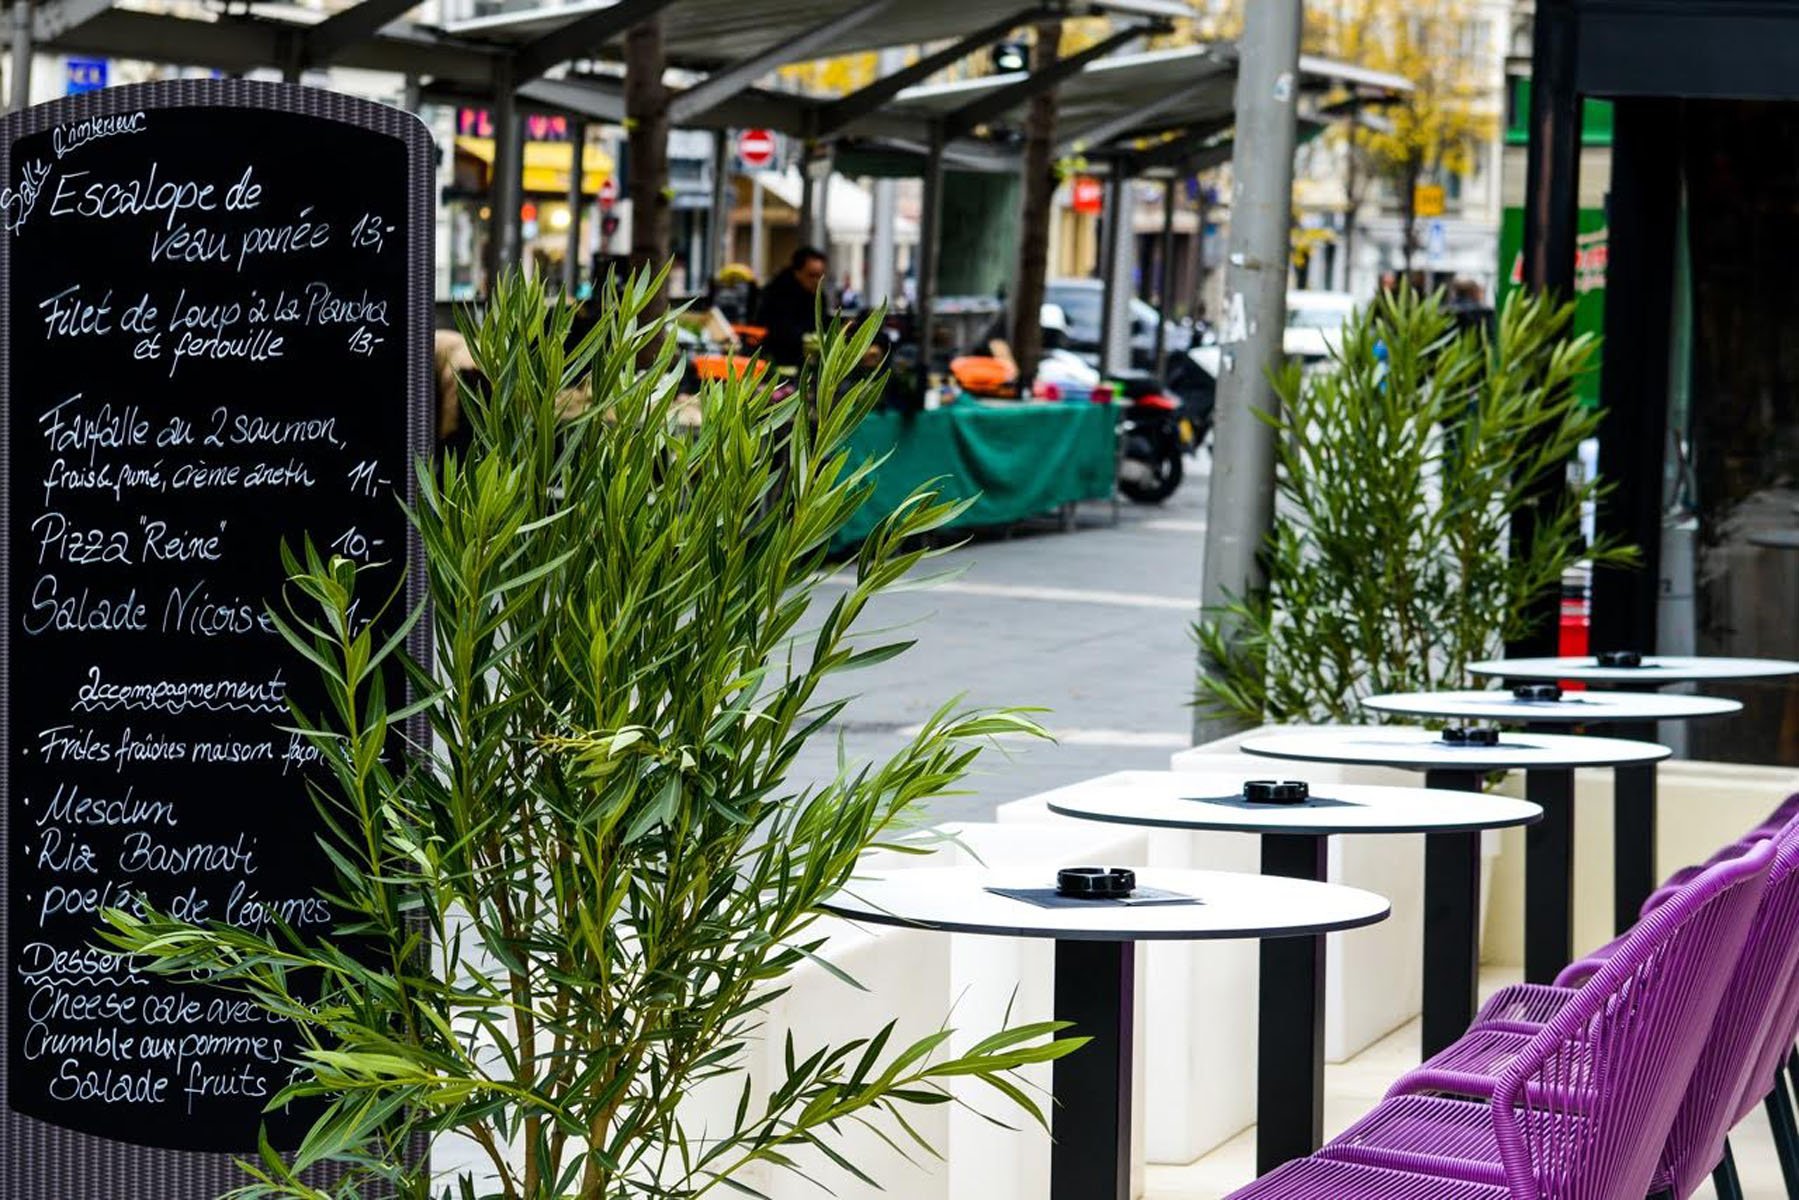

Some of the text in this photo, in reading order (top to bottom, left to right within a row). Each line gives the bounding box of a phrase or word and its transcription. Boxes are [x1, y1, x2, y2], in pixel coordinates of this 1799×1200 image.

[50, 162, 262, 228] Escalope de
[237, 206, 330, 271] panée
[39, 284, 113, 340] Filet
[120, 293, 158, 334] de
[305, 281, 390, 327] Plancha
[134, 332, 161, 360] et
[169, 329, 284, 378] fenouille
[39, 392, 149, 467] Farfalle
[156, 416, 195, 448] au
[204, 406, 227, 447] 2
[244, 457, 315, 489] aneth
[31, 512, 133, 565] Pizza
[22, 574, 148, 636] Salade
[162, 580, 280, 637] Niçoise
[38, 725, 110, 763] Frites
[192, 733, 273, 763] maison
[36, 783, 178, 827] Mesclun
[119, 832, 258, 875] Basmati
[171, 887, 210, 926] de
[225, 880, 331, 937] légumes
[28, 985, 137, 1024] Cheese
[208, 998, 261, 1024] avec
[24, 1022, 282, 1076] Crumble aux pommes
[50, 1058, 168, 1103] Salade
[184, 1060, 267, 1115] fruits
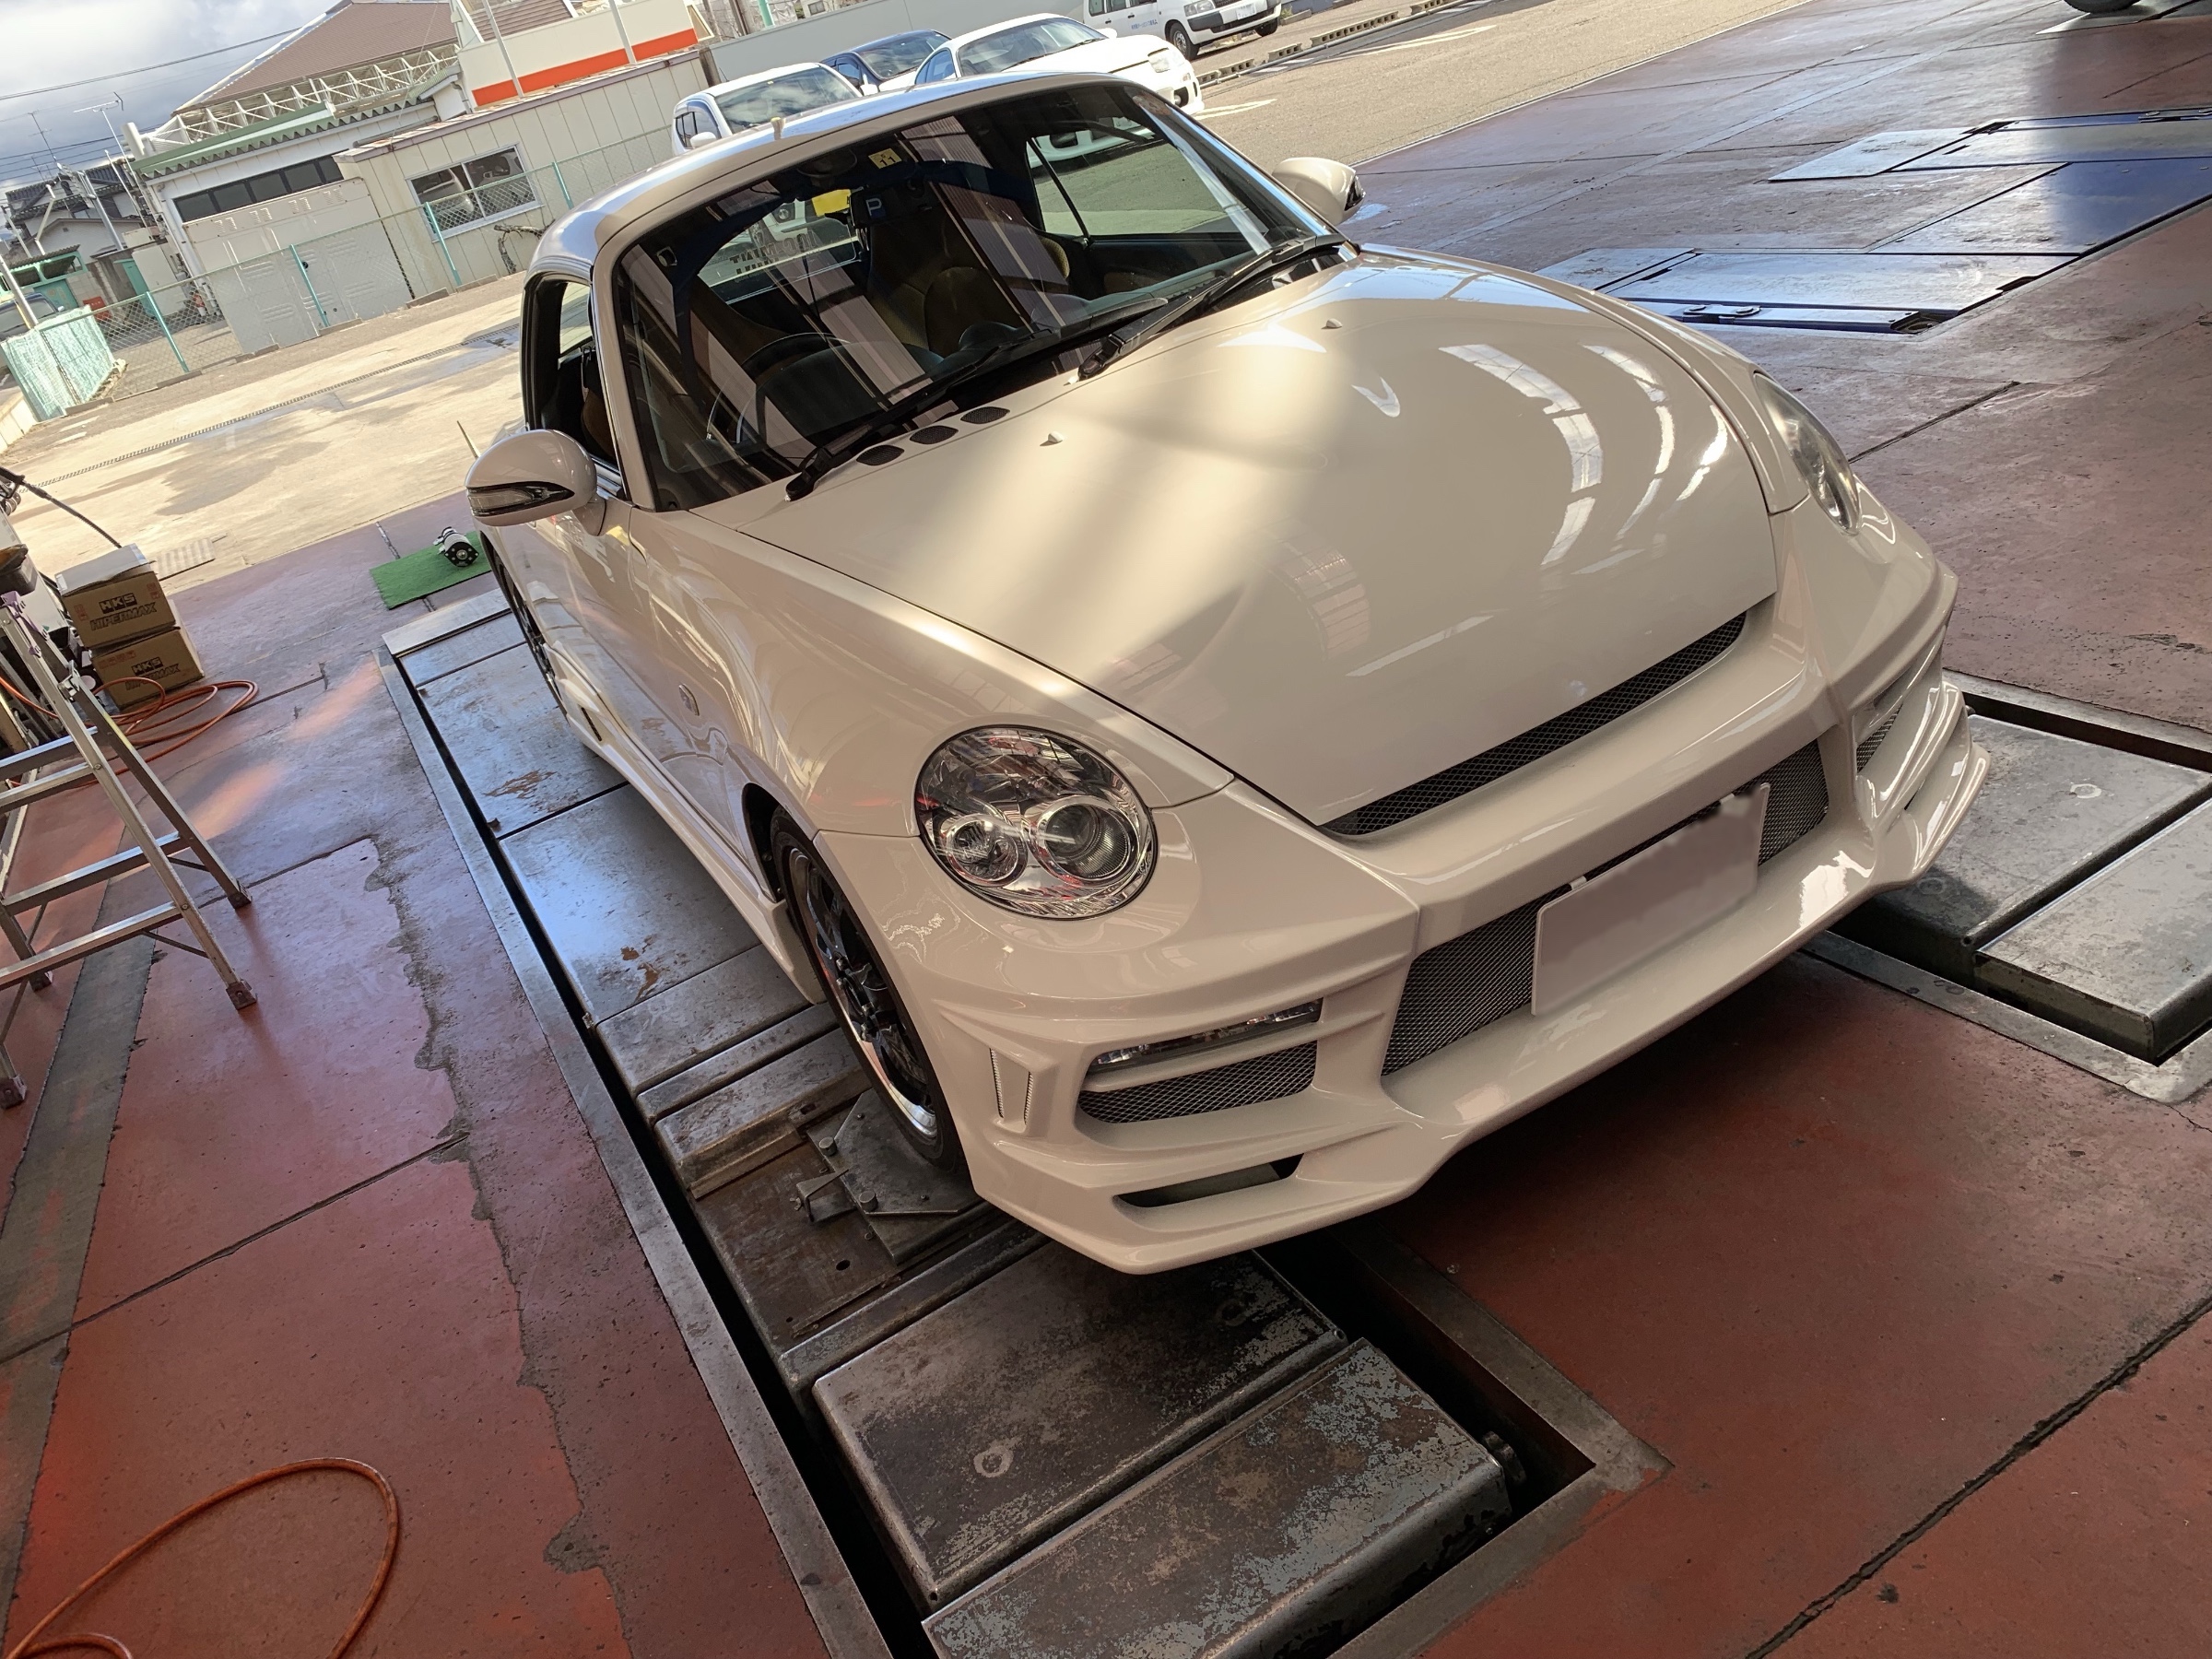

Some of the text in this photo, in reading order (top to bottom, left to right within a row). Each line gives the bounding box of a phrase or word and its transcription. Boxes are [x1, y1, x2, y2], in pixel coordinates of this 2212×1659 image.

[879, 156, 896, 166] 11
[865, 197, 882, 217] P
[99, 593, 137, 614] HKS
[89, 602, 157, 631] HIPERMAX
[131, 656, 163, 677] HKS

_INSTRUCTIONS TO FOLLOW_: Quote every record above exactly, leaving out any pictures.

_FINISHED EXERCISE_:
Some of the text in this photo, in reading order (top to bottom, left to right within a row). Each line gives the bounding box of a phrase or word and its transcription. Boxes are [x1, y1, x2, y2], in pixel coordinates of this 1799×1200 image.

[50, 162, 262, 228] Escalope de
[237, 206, 330, 271] panée
[39, 284, 113, 340] Filet
[120, 293, 158, 334] de
[305, 281, 390, 327] Plancha
[134, 332, 161, 360] et
[169, 329, 284, 378] fenouille
[39, 392, 149, 467] Farfalle
[156, 416, 195, 448] au
[204, 406, 227, 447] 2
[244, 457, 315, 489] aneth
[31, 512, 133, 565] Pizza
[22, 574, 148, 636] Salade
[162, 580, 280, 637] Niçoise
[38, 725, 110, 763] Frites
[192, 733, 273, 763] maison
[36, 783, 178, 827] Mesclun
[119, 832, 258, 875] Basmati
[171, 887, 210, 926] de
[225, 880, 331, 937] légumes
[28, 985, 137, 1024] Cheese
[208, 998, 261, 1024] avec
[24, 1022, 282, 1076] Crumble aux pommes
[50, 1058, 168, 1103] Salade
[184, 1060, 267, 1115] fruits

Some of the text in this photo, in reading order (top to bottom, left to right within a row). Each line gives the bounding box of a phrase or word and its transcription. Boxes are [x1, y1, x2, y2], in pixel coordinates of this 2212×1659 image.

[879, 156, 896, 166] 11
[865, 197, 882, 217] P
[99, 593, 137, 614] HKS
[89, 602, 157, 631] HIPERMAX
[131, 656, 163, 677] HKS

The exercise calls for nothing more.